**Exercise description:** Repeat, exactly as written, all of the entries, but not their pictures.

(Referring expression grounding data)
■ ■ ■ ■

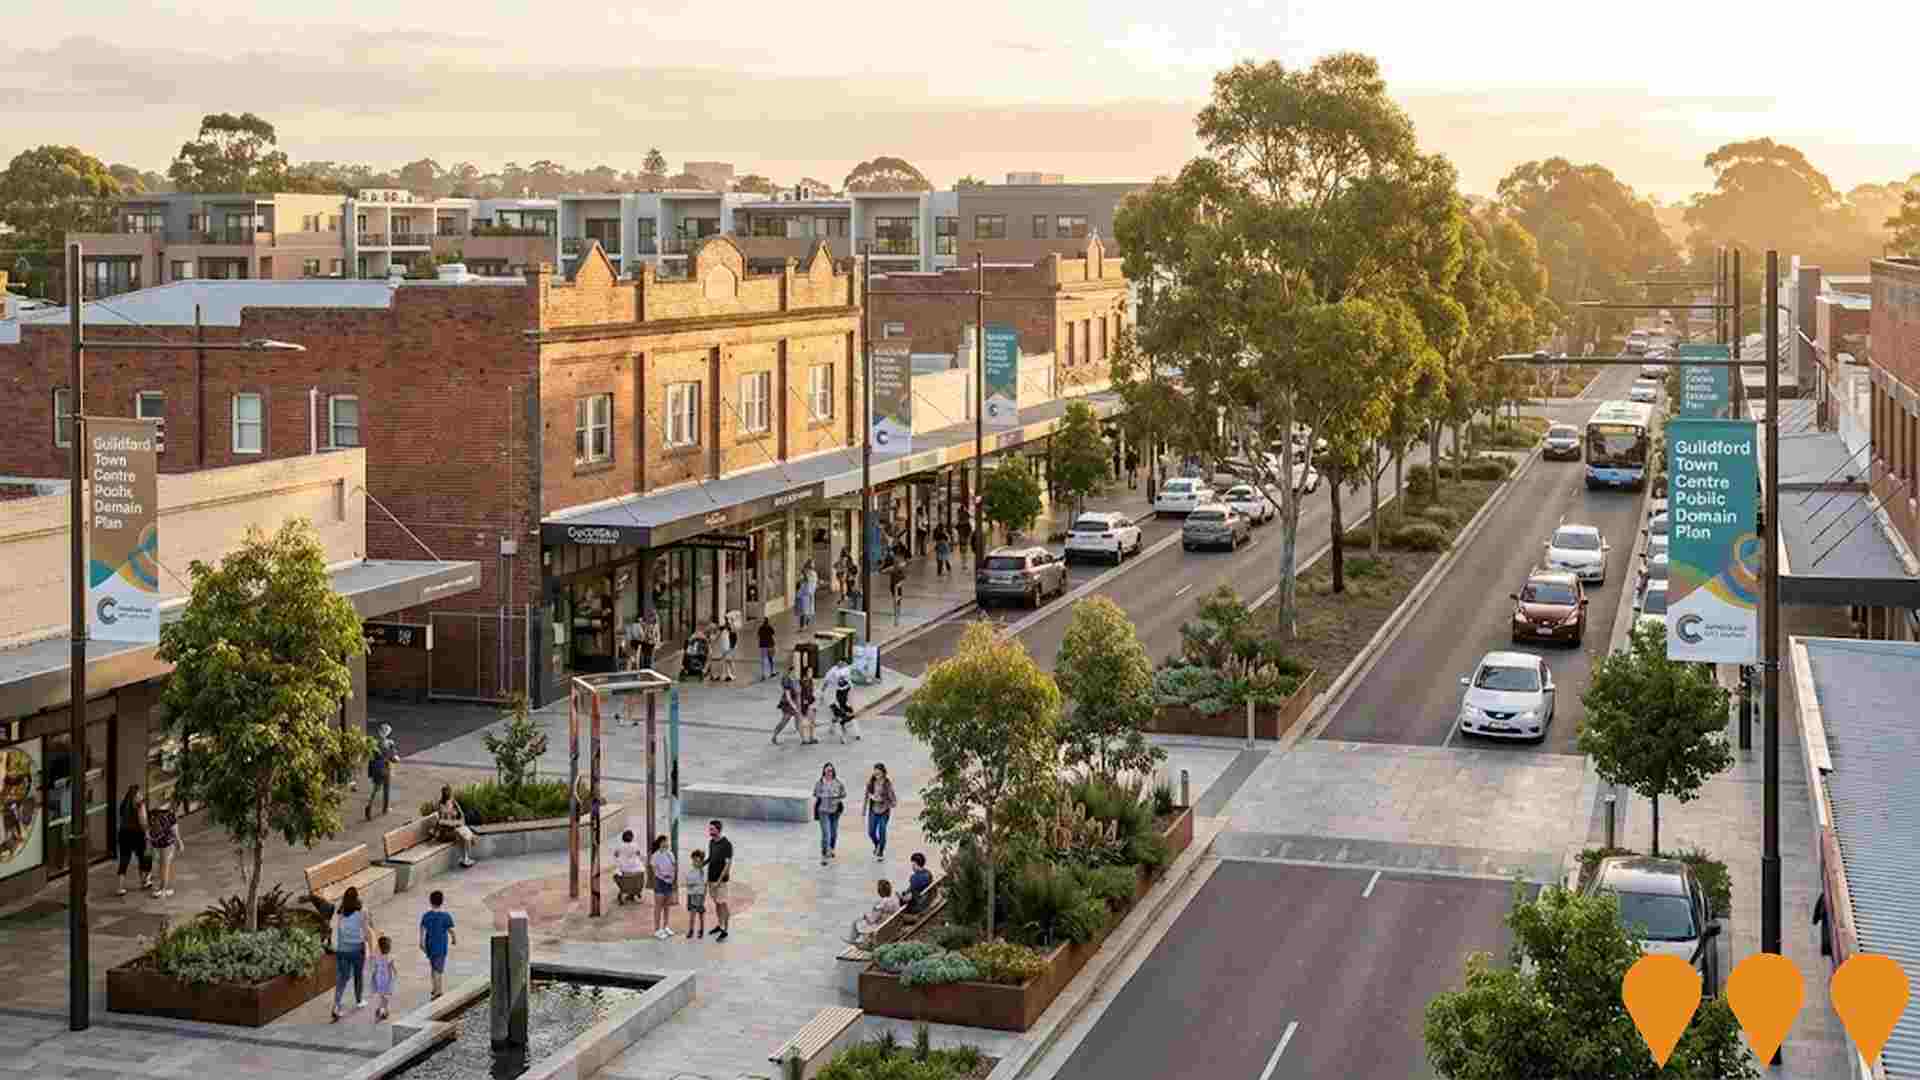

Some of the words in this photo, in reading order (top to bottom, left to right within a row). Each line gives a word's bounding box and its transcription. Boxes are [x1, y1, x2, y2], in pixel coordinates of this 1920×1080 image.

[1675, 440, 1751, 455] Guildford
[94, 453, 127, 466] Town
[1675, 457, 1718, 471] Town
[1675, 474, 1730, 489] Centre
[1675, 508, 1737, 523] Domain

■ ■ ■ ■

**Task response:**
Some of the words in this photo, in reading order (top to bottom, left to right within a row). Each line gives a word's bounding box and its transcription. Boxes are [x1, y1, x2, y2], in pixel coordinates of this 1920×1080 image.

[1675, 440, 1751, 455] Guildford
[94, 453, 127, 466] Town
[1675, 457, 1718, 471] Town
[1675, 474, 1730, 489] Centre
[1675, 508, 1737, 523] Domain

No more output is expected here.